Role of CaMKII and the GluN2B subunit of the NMDAR in dorsal striatal glutamatergic synaptic transmission, MSN morphology and striatal-based behaviors

Abstract

The role of striatal Ca2+/calmodulin-dependent protein kinase II (CaMKII) and the GluN2B subunit of the NMDA receptor in excitatory glutamatergic transmission, morphology and behavior are presented in this thesis. The first half of this thesis examines a transgenic mouse which expresses a CaMKII inhibitory peptide (EAC3I) in dorsal striatal medium spiny neurons (MSNs). We find that MSN CaMKII inhibition is associated with a reduction in functional synapse number, increased excitability, decreased dendritic length/complexity and disrupted operant responding on a random ratio schedule. These data suggest that CaMKII plays a critical role in setting the excitability rheostat of striatal MSNs by coordinating excitatory synaptic drive and the resulting depolarization response as well as contributing to goal-directed behaviors.

The second half of this thesis explores the loss of the striatal GluN2B subunit of the NMDA receptor.
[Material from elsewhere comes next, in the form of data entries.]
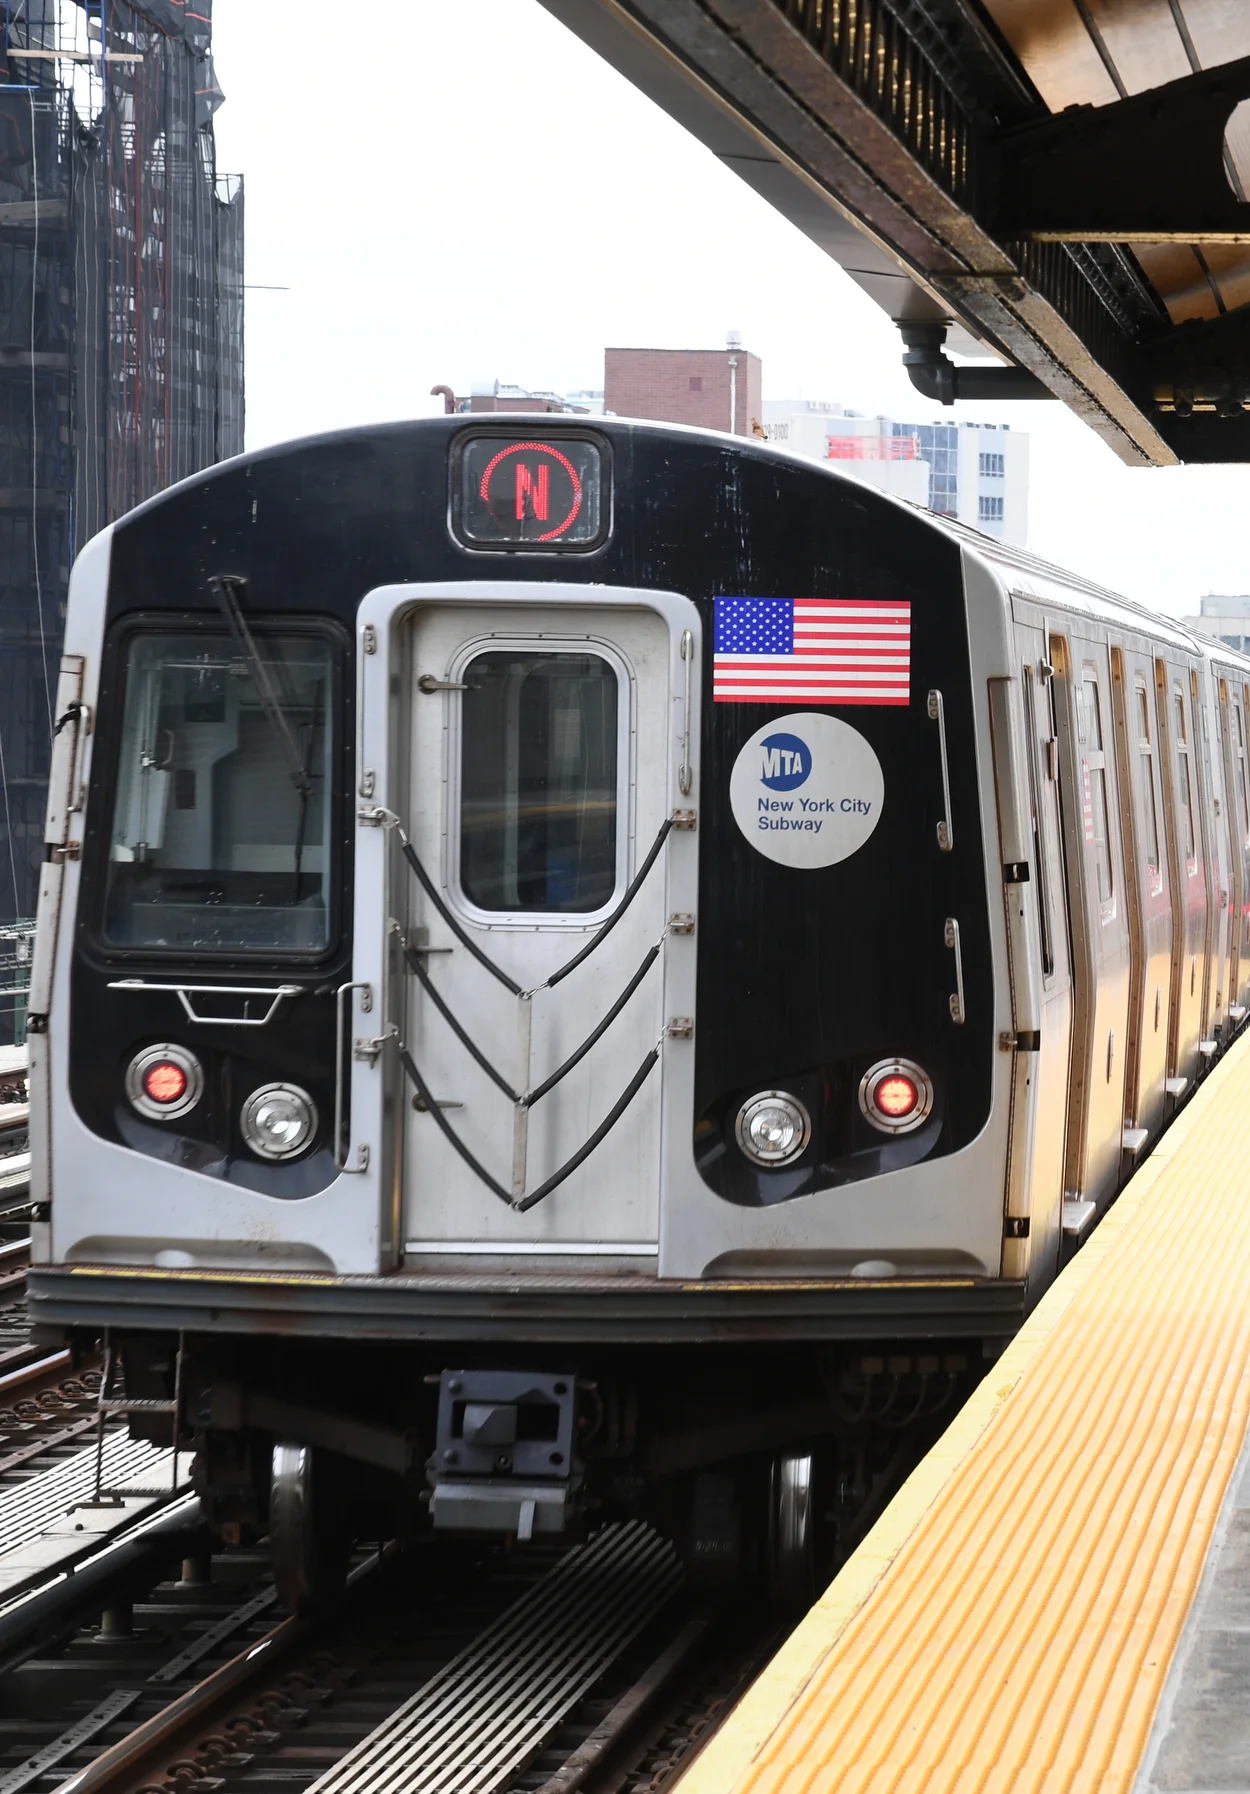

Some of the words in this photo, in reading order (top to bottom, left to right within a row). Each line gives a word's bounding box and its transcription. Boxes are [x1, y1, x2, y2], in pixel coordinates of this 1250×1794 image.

[515, 464, 549, 521] N
[759, 745, 803, 780] MTA
[758, 798, 794, 812] New
[799, 798, 835, 813] York
[840, 798, 872, 816] City
[758, 816, 823, 834] Subway
We utilize a conditional GluN2B KO mouse to study alterations in basal synaptic transmission, morphology and behavior. We find that early postnatal deletion of GluN2B leads to an increase in postsynaptic AMPAR-mediated synaptic transmission and a decrease in dendritic spine density, which may be due to the loss of silent synapses or synapses lacking AMPARs. Behaviorally, the loss of GluN2B leads to enhanced locomotor activity in a novel open field and disruptions in performance on of rotarod. Delayed deletion of GluN2B (P45) yields a similar basal synaptic transmission phenotype as seen with early deletion, but with a decrease in quantal content. Behaviorally, delayed deletion of GluN2B rescues locomotor activity, but results in greater deficits in simple motor learning. These studies show the importance of the GluN2B subunit in excitatory synaptic transmission, dendritic spine density, and behavior.